I don’t entirely agree with Bradley A. Thayer and Lianchao Han’s take on our trade war with China, expressed at The Hill, but I think that their statement of its sources are on target:

In 1987, China’s trade surplus with the U.S. was only $2.7 billion, one-twentieth of Japan’s. By 2018, the People’s Republic of China’s trade surplus with the U.S. had reached nearly $418 billion, 150 times what it was three decades ago. In the past 30 years, China has snatched an astronomical $4.4 trillion from the U.S. Additionally, there is an estimated $300 billion to $600 billion annual loss from China’s theft, and at least 3 million highly paid U.S manufacturing workers lost their jobs because of competition from China. Chinese government-subsidized or forced labor produced billions of dollars worth of cheap goods that have been dumped onto the U.S. market.
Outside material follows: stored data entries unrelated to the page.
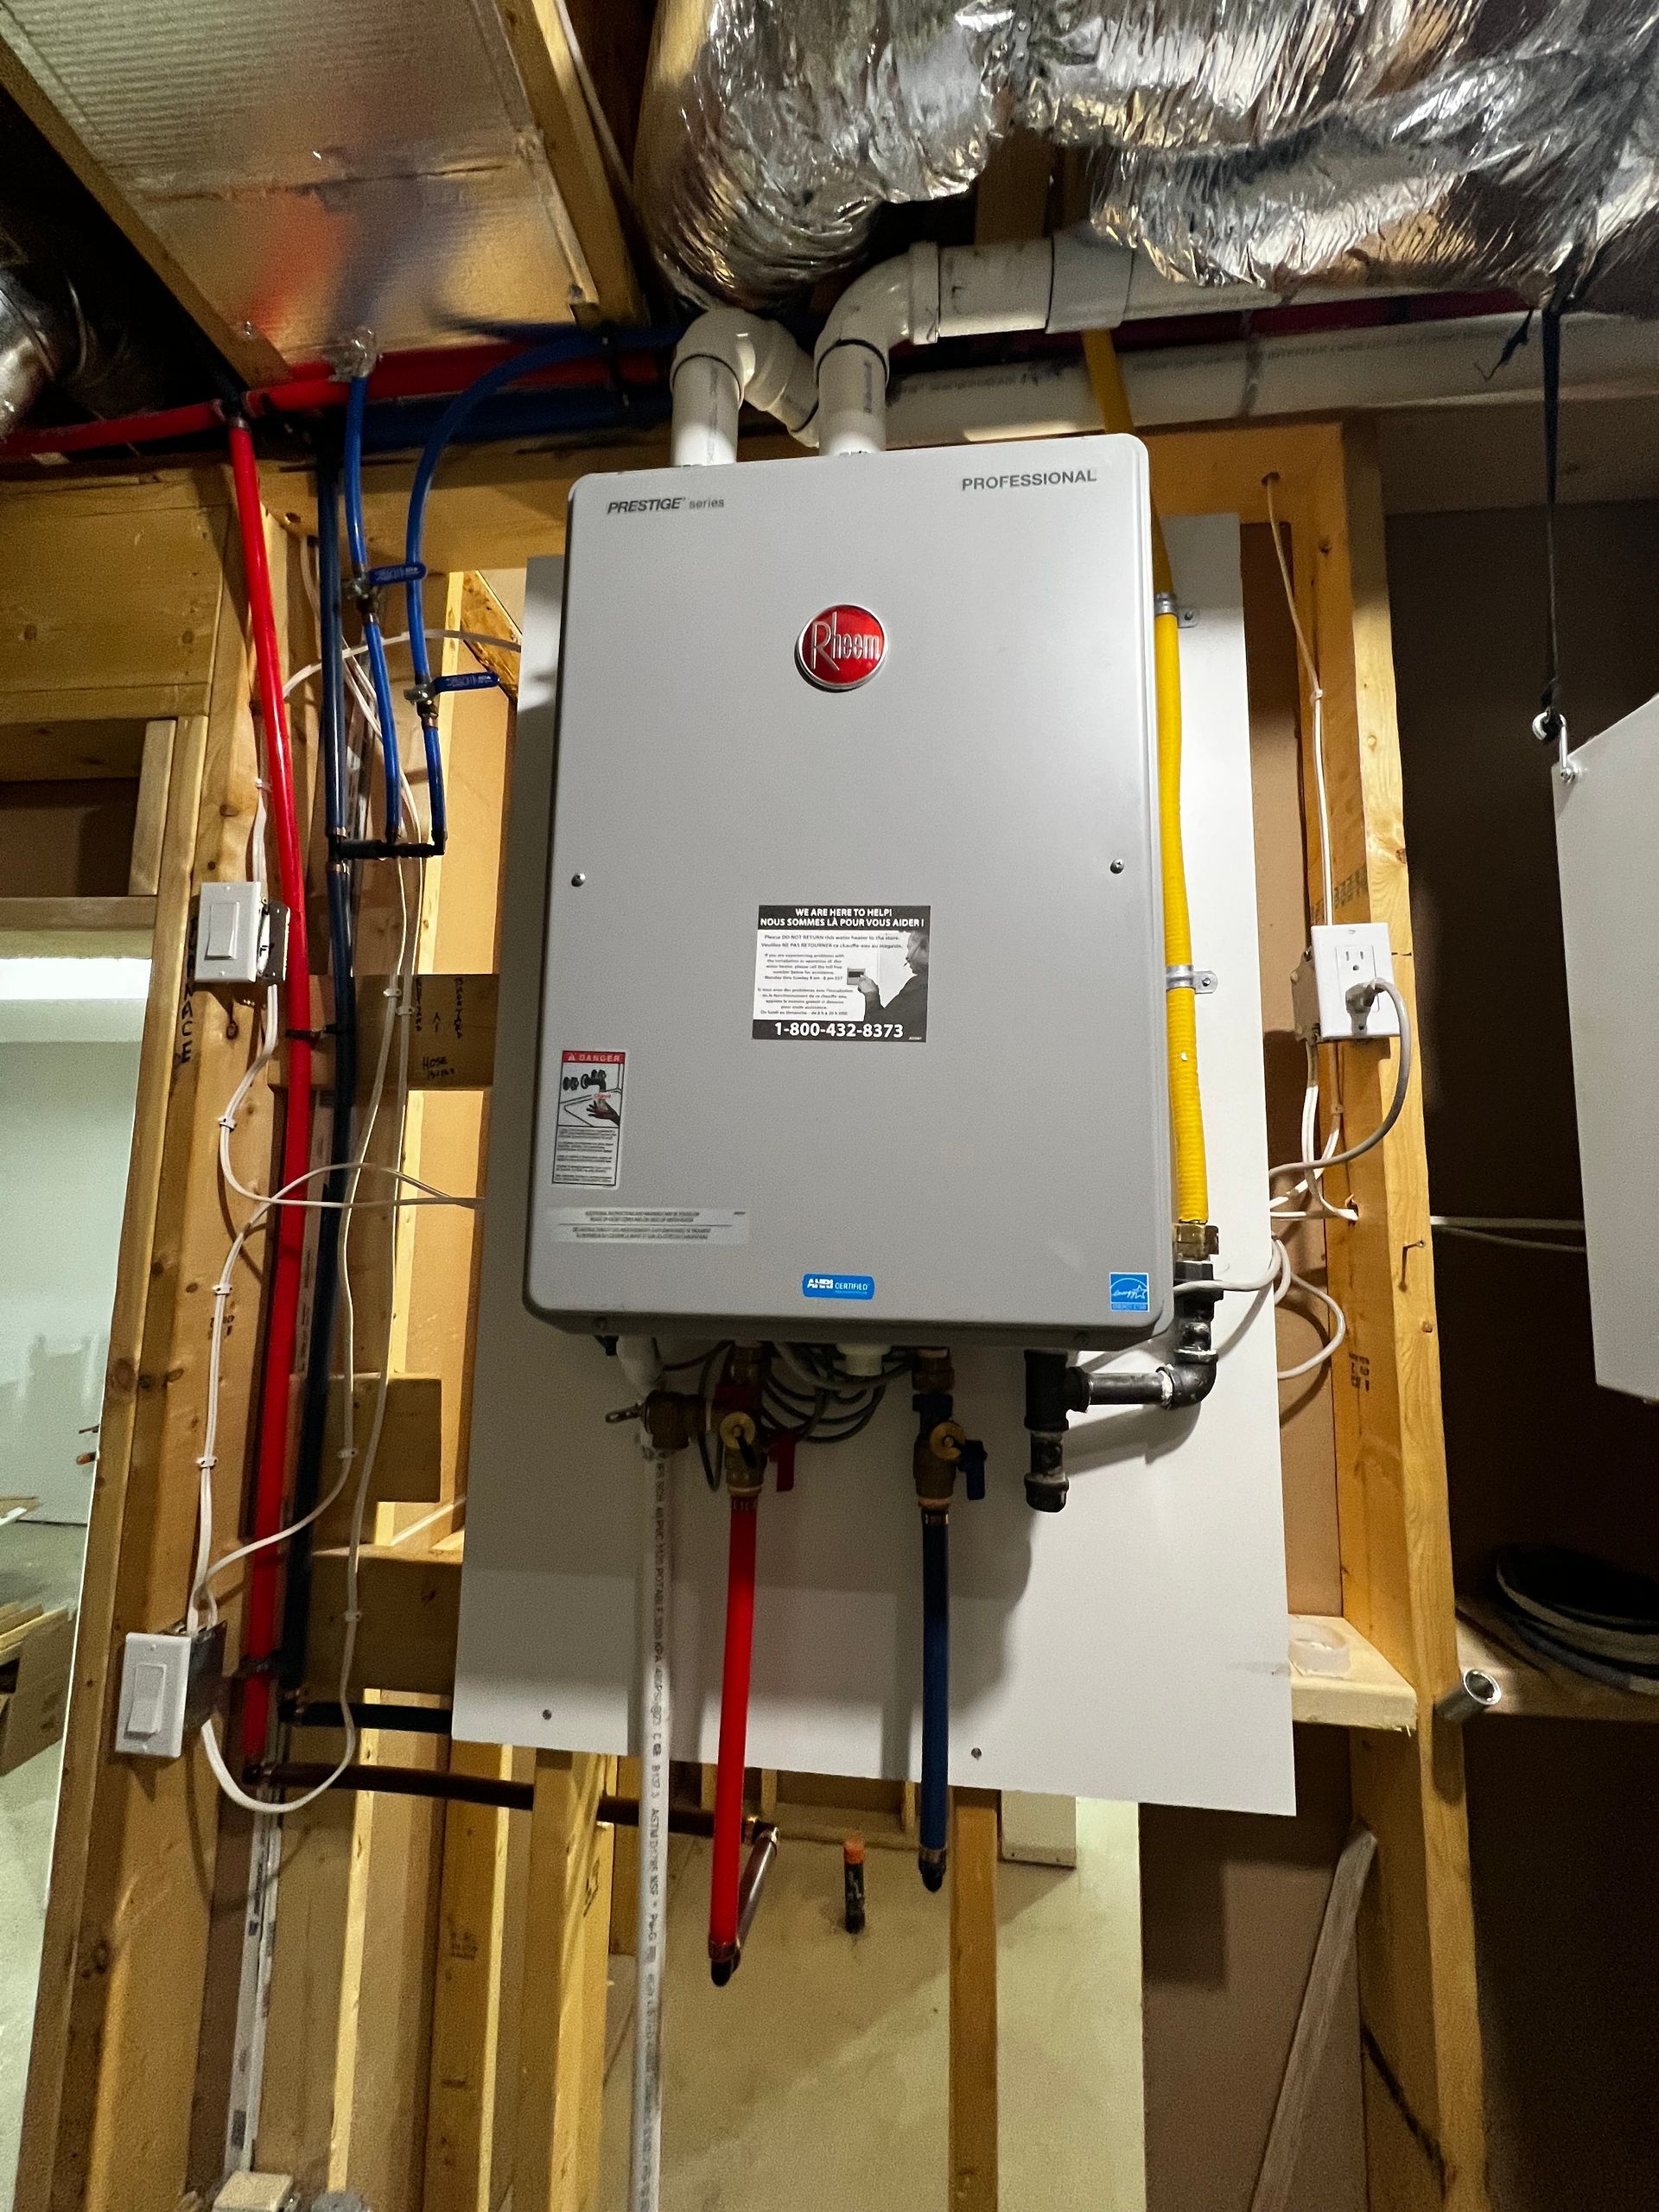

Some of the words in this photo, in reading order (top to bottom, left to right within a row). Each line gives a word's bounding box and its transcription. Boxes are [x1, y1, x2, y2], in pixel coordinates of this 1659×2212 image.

[962, 470, 1096, 491] PROFESSIONAL
[607, 498, 683, 514] PRESTIGE
[690, 499, 724, 509] series
[810, 611, 880, 671] Rheem
[795, 908, 810, 917] WE
[810, 908, 828, 917] ARE
[830, 908, 852, 917] HERE
[854, 908, 866, 917] TO
[760, 918, 785, 926] NOUS
[787, 918, 825, 927] SOMMES
[827, 917, 838, 927] LÀ
[840, 918, 865, 927] POUR
[866, 918, 891, 927] VOUS
[774, 1021, 903, 1038] 1-800-432-8373
[579, 1053, 620, 1062] DANGER
[835, 1282, 868, 1291] CERTIFIED
This newly gained wealth has helped China create a dystopian nation, modernize its military into a formidable force, take the South Sea as its inland water, expand its political influence globally, rewrite international laws and norms, export its ideology and development model to developing countries, and contend for dominance in international politics.
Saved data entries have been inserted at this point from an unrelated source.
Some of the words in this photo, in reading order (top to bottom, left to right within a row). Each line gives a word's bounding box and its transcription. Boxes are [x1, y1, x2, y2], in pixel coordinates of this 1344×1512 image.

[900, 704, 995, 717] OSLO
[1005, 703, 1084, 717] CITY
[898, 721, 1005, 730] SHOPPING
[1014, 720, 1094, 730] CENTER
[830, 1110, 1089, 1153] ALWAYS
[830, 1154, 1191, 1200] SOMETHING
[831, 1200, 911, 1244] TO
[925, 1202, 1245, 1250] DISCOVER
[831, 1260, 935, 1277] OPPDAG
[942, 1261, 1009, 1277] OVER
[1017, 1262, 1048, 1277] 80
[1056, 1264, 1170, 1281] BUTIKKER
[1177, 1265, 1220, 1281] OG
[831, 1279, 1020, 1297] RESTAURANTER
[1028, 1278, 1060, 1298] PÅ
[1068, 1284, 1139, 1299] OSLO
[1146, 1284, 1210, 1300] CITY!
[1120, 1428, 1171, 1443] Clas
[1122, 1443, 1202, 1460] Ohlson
That didn’t need to happen and, in particular, it didn’t need to happen at the pace that it did. It was an artifact of mercantilist Chinese policies. We dug a trap for ourselves and then fell into it. Climbing out will be neither easy nor painless but it’s something we must do for the health of our own economy and society. The transition mostly involves changing our behavior.

Those who fall back onto abstract arguments in favor of free trade ignore that we have never had free trade with China. We have had trade carefully managed to ensure that the benefits of trade go mostly to China and secondarily to top managers of big corporations who’ve reaped most of whatever economic surplus the Chinese allowed to flow in this direction.

Thinking that Trump has mismanaged that trade war or is a blowhard is fair enough. But if you want to return to the status quo ante, it’s incumbent on you to explain how the 50%+ of the American people who will never get college degrees will earn a decent living. I don’t think we can do that absent a diverse economy based on more than retail, health care, and education.

11 comments… add one
  • bob sykes Link

    I say, with a straight face and in all seriousness, that Trump is the best President in my lifetime. I’m 76 years old. And I actually enjoy his antics. He says what needs to be said. Without him, we would have the sadistic monster Hillary Clinton as President, and we would be well done the road to a communist/pedophile dictatorship. Again, I mean those words seriously.

    Before Trump came on the scene, everyone in Washington was perfectly happy with our relationship with China. No one in Washington gave rat’s fart for the plight of our working class. Free trade and open borders were “plus double good.”

  • Grey Shambler Link

    I’ve come to believe that this problem is existential for the nations’ future and no Democratic candidate will address it. Biden in fact is most likely to quickly return to business as usual with China as it has been profitable for his family and probably everyone else in his life.

  • Roy Lofquist Link

    I’m with Bob. I played “76 Trombones” all day long on my last birthday. I’ve seen them all since Harry S Truman. Dwight Eisenhower gave us the Interstate Highway system, the largest and by far the most successful infrastructure project in all history. Ronald Reagan drove the Soviet Union to the ash heap of history. Donald Trump has driven a revival of the American spirit to a level not seen since VJ day. He has confused and confounded the enemies of a just and civil society. He has driven the Lilliputians before him and the lamentations of their women are pure comedy gold. His enemies have belittled him, they have slandered him, they have borne false witness against him, and in their madness they have made the fatal mistake of underestimating him. Hubris begets Nemesis.

  • steve Link

    I dont see that much hope in what Trump is doing. We might end up with a better trade relationship with China, but I think our real goal should be better jobs here in the US. Europe didnt send all of their manufacturing to China, we did. If it wasn’t China it would be somewhere else. The base problem lies with our investor class and the wealthy for whom policy is now written. Even if Trump blunders through things with China and we have a positive outcome, we won’t see much change here in the US since he will not focus on changing anything that would harm him or his peers. You mentioned elsewhere doing away with the income tax, which I have long supported for a number of reasons. That might help some since then income tax policy couldn’t be used to the advantage of the wealthy, but I suspect we just see some other tax or regulation used to enable the investor class.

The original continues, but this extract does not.